In an interview afterward, Republican Supervisor Sean Walter called Ms. Jens-Smith’s timing “fortuitous,” saying he planned to call a press conference himself, perhaps as early as Thursday, “to announce information about the sale of property at EPCAL.”

He declined to say who the buyer might be.

The supervisor also criticized Ms. Jens-Smith’s choice of venue, saying a political event should not have been permitted in a town-owned building and called Ms. Smith’s application to use the Pfeifer center “deceptive.”

That application describes the type of use sought as an “informational meeting” for 10 people.

“That’s a little deceptive,” Mr. Walter said. “We don’t staff that building. We had to send a government employee over to open the center for what we believed to be an informational meeting.”

“I rented it,” Ms. Jens-Smith said. “It wasn’t gifted to me. You can use it for meetings and events and things like that, and there’s nothing in their rental information about the type of meetings you can have.”

The permit application, which Mr. Walter provided to reporters, indicates that Ms. Jens-Smith paid $55 to rent the building for two hours.

Mr. Walter said town code prohibits use of town facilities for political events, but he wasn’t certain where in the code that prohibition appears.

“We chose to have [the press conference] here at EPCAL because, for the past 20 years, there’s been a lot of grand plans at EPCAL that haven’t really happened,” Ms. Jens-Smith said.

Proposals for major projects at EPCAL only come up around election time, she added.

Ms. Jens-Smith said not much has been said about Suffolk County Industrial LLC since the town announced in September that the Medford company was in contract to buy more than 600 acres of town-owned land at EPCAL for $46 million.

“We are negotiating with Suffolk Industrial but Suffolk Industrial really put the brakes on negotiations about 12 weeks ago,” Mr. Walter said. “The Town Board is about to make an announcement, I’m hoping Thursday, regarding a purchaser.”

He said he couldn’t say more than that at this point.

Ms. Jens-Smith had said she’d heard rumors that Luminati Aerospace might be looking to buy additional land at ECPAL. Luminati bought the former SkyDive Long Island property at EPCAL two years ago and also leases space in another EPCAL location.

Mr. Walter at first declined to comment on that, but when asked by a reporter if Luminati were still interested in buying the unused western runway at EPCAL, as it had been in the past, Mr. Walter replied, “I’m going to say that on Thursday, we’ll make an announcement and I think the residents will be pleasantly surprised.”

Ms. Jens-Smith described Luminati as a “start-up company that we know very little about” and said the town should deal only with established firms.

“Luminati has expended tens or millions of dollars in the Town of Riverhead over the past 18 months,” Mr. Walter said. The company has an agreement with DuPont to make lightweight body armor fabrics, he added.

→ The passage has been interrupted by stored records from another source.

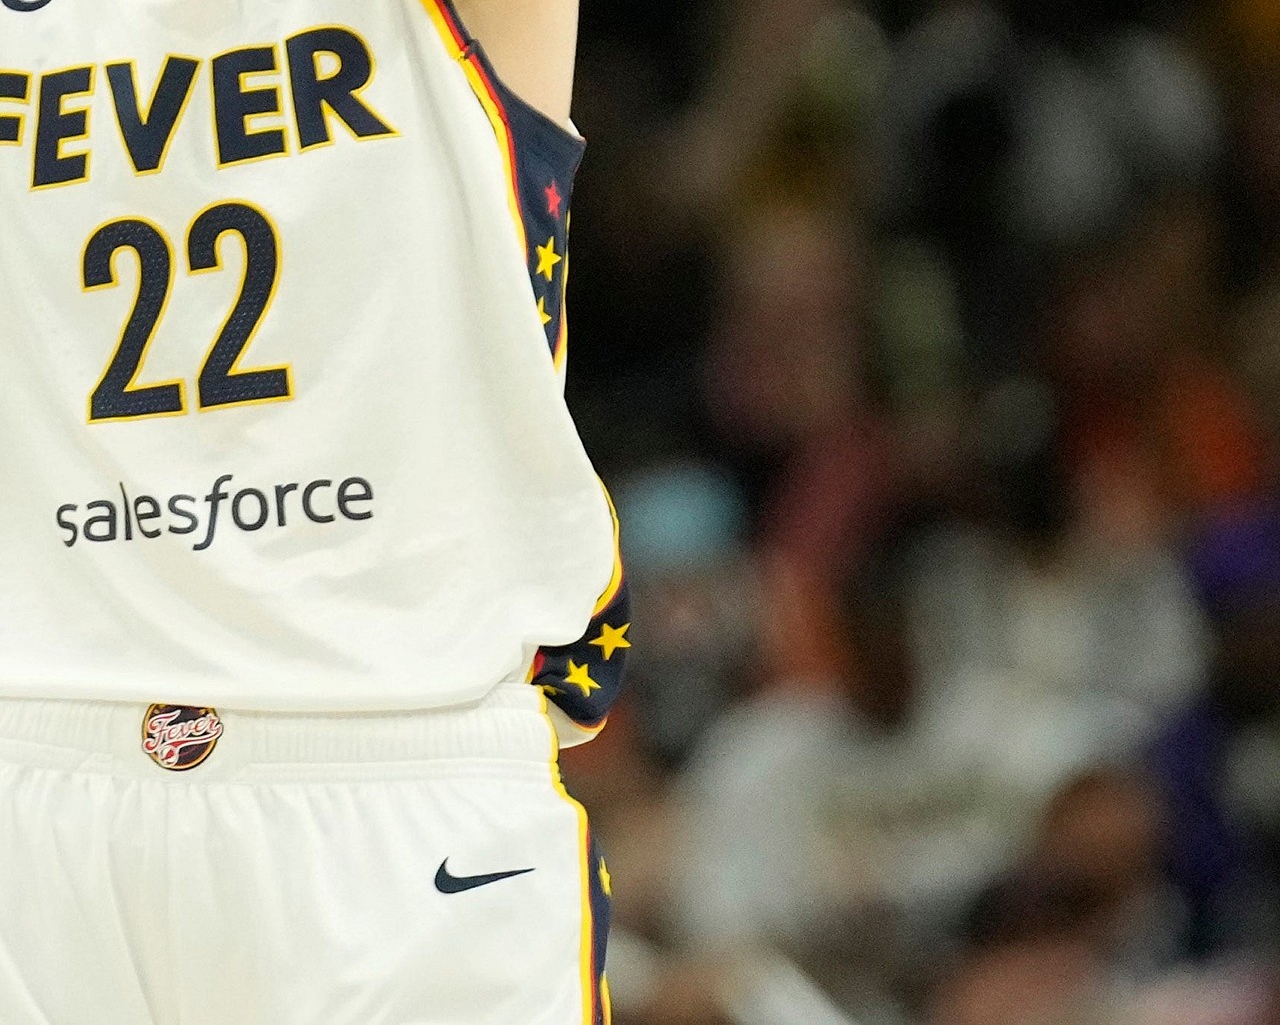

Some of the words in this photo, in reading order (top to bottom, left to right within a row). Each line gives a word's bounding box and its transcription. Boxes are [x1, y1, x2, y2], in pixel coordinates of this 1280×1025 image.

[81, 197, 294, 424] 22
[56, 474, 374, 551] salesforce
[142, 709, 224, 754] Fever
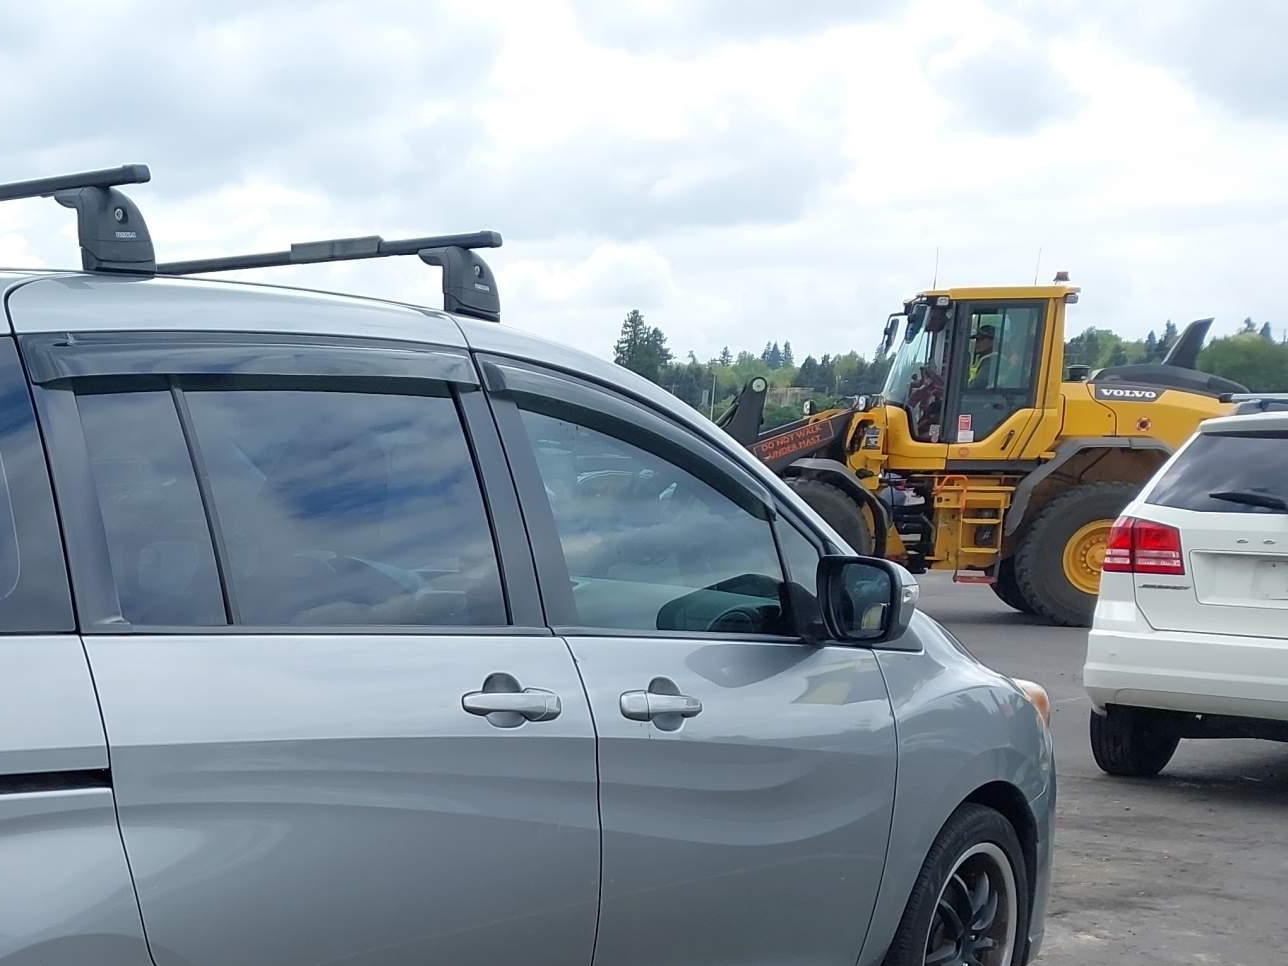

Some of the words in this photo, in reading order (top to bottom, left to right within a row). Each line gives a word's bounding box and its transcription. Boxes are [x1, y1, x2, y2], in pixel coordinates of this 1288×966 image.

[1101, 388, 1157, 399] VOLVO
[761, 441, 775, 452] DO
[775, 434, 794, 448] NOT
[796, 423, 822, 438] WALK
[798, 434, 822, 448] MAST

“They are a pretty serious player, as far as I can see,” the supervisor said.

Ms. Jens-Smith said she thinks the town should lease property at EPCAL rather than sell it. She feels Riverhead is trying to sell land there in order to balance the current budget.

Leasing would not be unprecedented, she said, adding that Grumman leased land there from the Navy before transferring it to the town in 1998.

“All options are on the table,” Mr. Walter responded, although he added that the town is pursuing a plan to have a “master developer” buy the remaining 600 or so acres the town owns and build infrastructure there at its own cost.

Ms. Jens-Smith said the manner in which the town selected a company to sell EPCAL land lacks transparency and that the supervisor is the only person dealing with prospective buyers of land there. She said the public is never told what’s happening.

“This is probably the most transparent process we’ve ever had for EPCAL,” Mr. Walter responded. “We used to take sealed bids or requests for proposals. We now have a real estate broker [Cushman & Wakefield] actively marketing the property, and they have been to Town Board meetings to disclose what’s going on and they’ve been in executive session for negotiations.”